In this issue of the Journal, Tilz et al propose a simplified PFA treatment protocol based on their experience using the pentaspline PFA catheter. It is characterized by (1) a single venous puncture of the femoral vein guided by ultrasound, (2) a single transseptal puncture, (3) single-catheter PVI, and (4) hemostasis using a venous closure system.10
Typically, during AF ablation, multi-electrode catheters are inserted into the heart for backup pacing, mapping of non-PV foci or concomitant atrial tachyarrhythmias, and recording PV potentials during RFCA. The authors10 decided to focus exclusively on PVI during the initial sessions and deliberately avoided other interventions. This approach enabled the adoption of a protocol that utilizes a single venous puncture. Transient bradycardia, which can occur during ablation, was managed by administering atropine sulfate beforehand. In Germany, the use of intracardiac echocardiography (ICE) during transseptal puncture is not widespread due to cost concerns, leading physicians to become proficient in performing this procedure under fluoroscopic guidance, which contributes to the feasibility of a single venous puncture using this protocol.

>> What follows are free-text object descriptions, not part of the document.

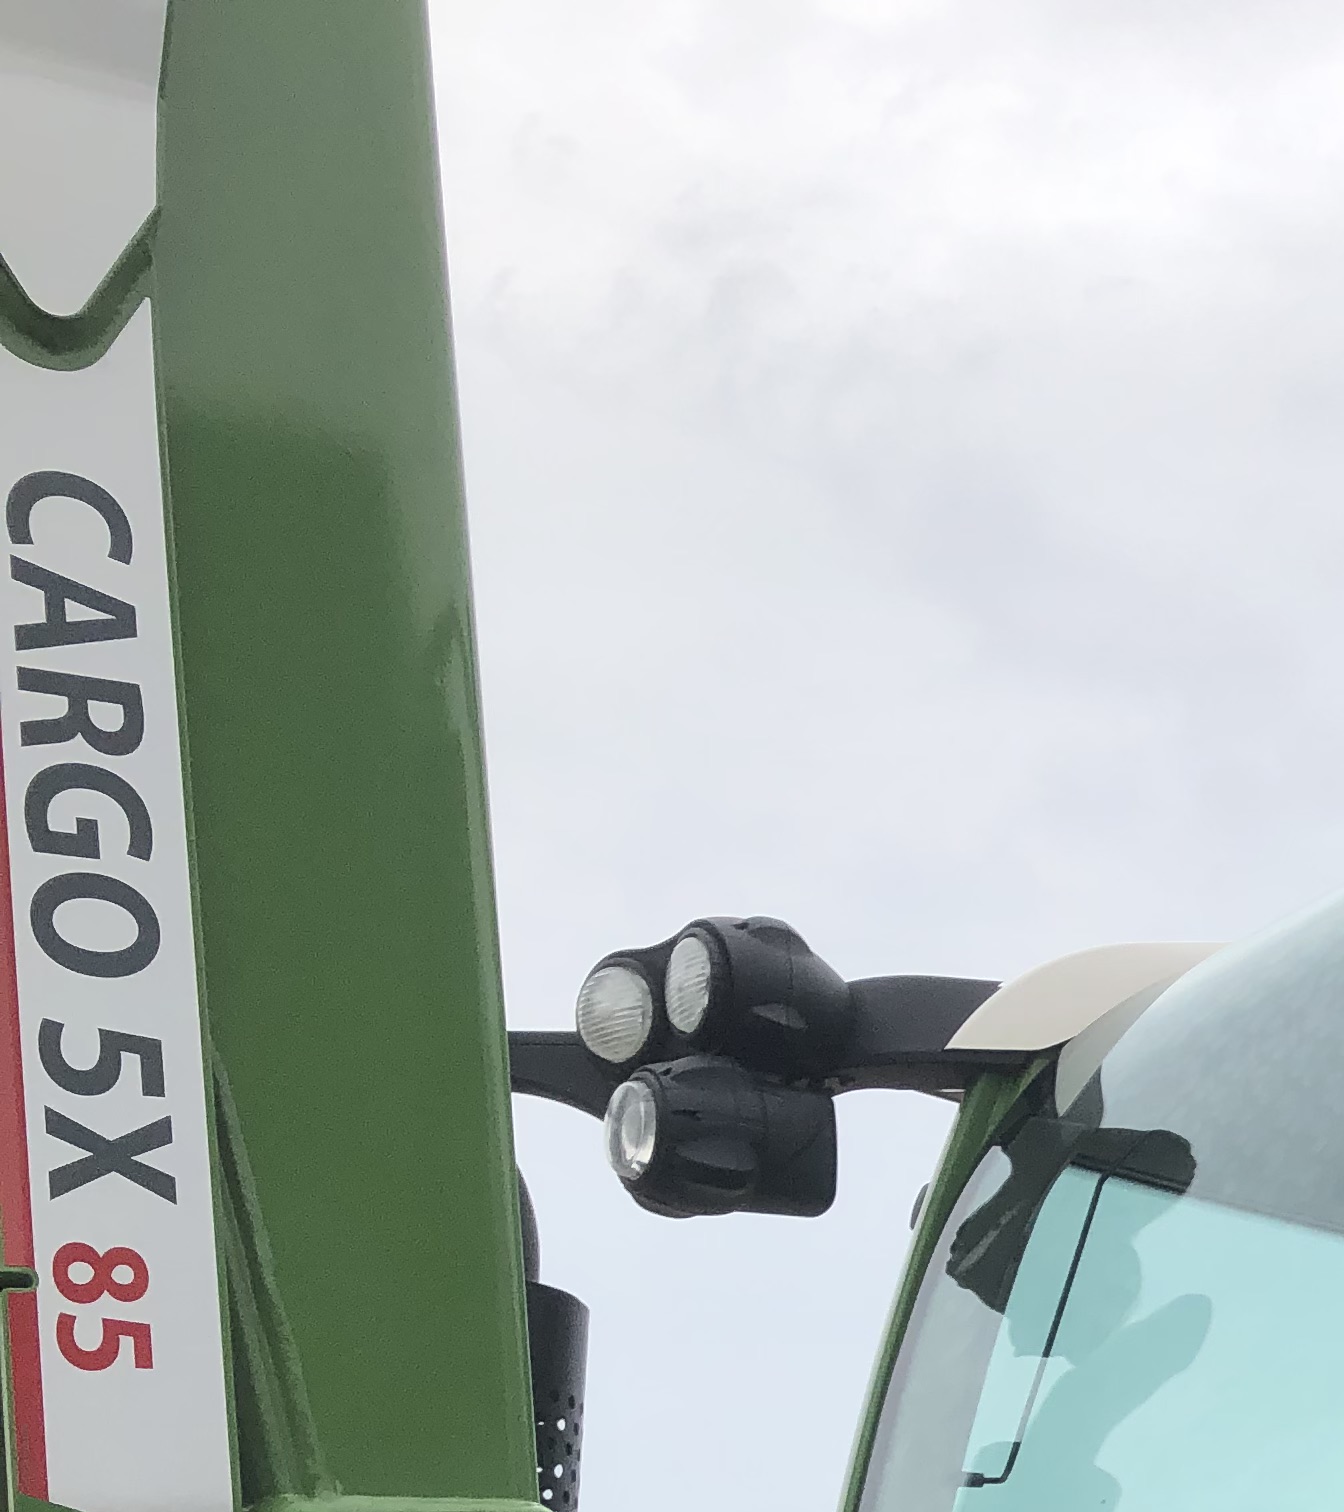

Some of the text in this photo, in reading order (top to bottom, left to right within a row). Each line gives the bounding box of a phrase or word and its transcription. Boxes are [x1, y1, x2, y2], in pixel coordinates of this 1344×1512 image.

[6, 470, 178, 1371] CARGO 5X 85
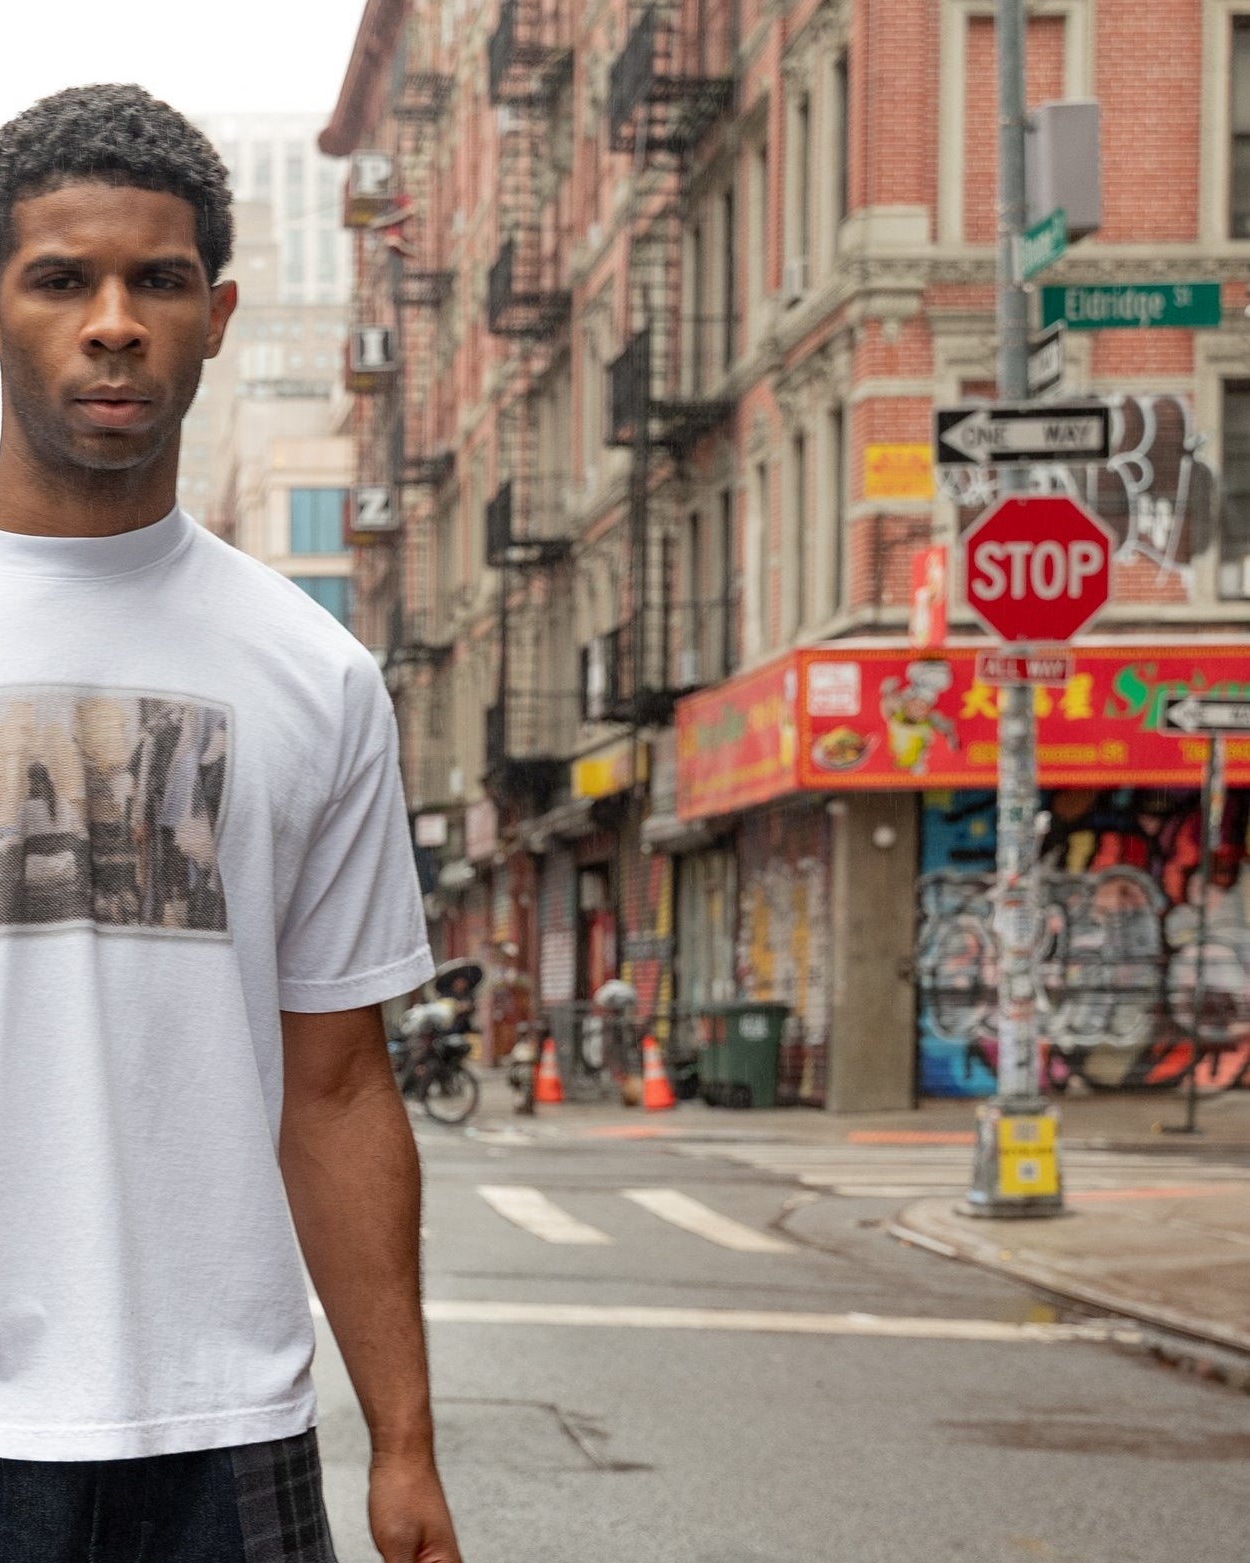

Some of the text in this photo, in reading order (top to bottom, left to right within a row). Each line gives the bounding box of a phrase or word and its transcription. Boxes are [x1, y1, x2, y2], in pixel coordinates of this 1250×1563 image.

[1065, 286, 1166, 328] Eldridge
[960, 419, 1089, 449] ONE WAY
[971, 539, 1105, 602] STOP
[984, 659, 1065, 679] ALL WAY

In this study of 50 patients,10 PVI was successfully achieved without touch-up in all cases. The average procedure duration was only 27.4±6.6 min. and complications were minimal, with transient phrenic nerve paralysis (n=2) and minor bleeding at the puncture site (n=2) being the only issues. Although it was inadequate for assessing efficacy, because of the limited follow-up period, the protocol appears very promising in terms of safety and efficiency.
The same group have also conducted similar research using very-high-power short-duration RFCA (90 W × 4 s) for PVI and compared it with conventional high-frequency ablation settings (up to 50 W).11 As a result of procedures performed by 2 highly experienced operators, procedure durations were 59±13 min and 101±38 min, respectively. Both procedures involved 3 femoral vein punctures, highlighting the efficiency and simplicity of the current protocol.
The 5S study is renowned for its research using PFA.12 The procedure duration in the latter phase of that study was 38±14 min. That approach involved 2 punctures in the femoral vein, and in some cases, an esophageal temperature sensor was used. The current report10 pertains to more recent cases, suggesting possible advancements in the techniques, which may account for the variance in procedure duration. The 5S study provides a more detailed report of the use of a PFA catheter during treatment, including safety findings from magnetic resonance imaging of the brain and endoscopic views of the esophagus, as well as efficacy regarding recurrence rates. Conversely, the present report emphasizes simplification of the entire treatment process, as well as proposing methods for puncture and hemostasis, which gives a more comprehensive perspective. Such an encompassing viewpoint would be valuable for physicians worldwide who are venturing into PFA.
The protocol proposed by Tilz et al10 is the simplest standard for PFA-based PVI. Depending on the practitioner’s experience and skills, as well as the specific conditions of the region where the treatment is conducted, it may be desirable to modify this protocol. For instance, incorporating ICE or electrode catheters into the protocol may be advisable.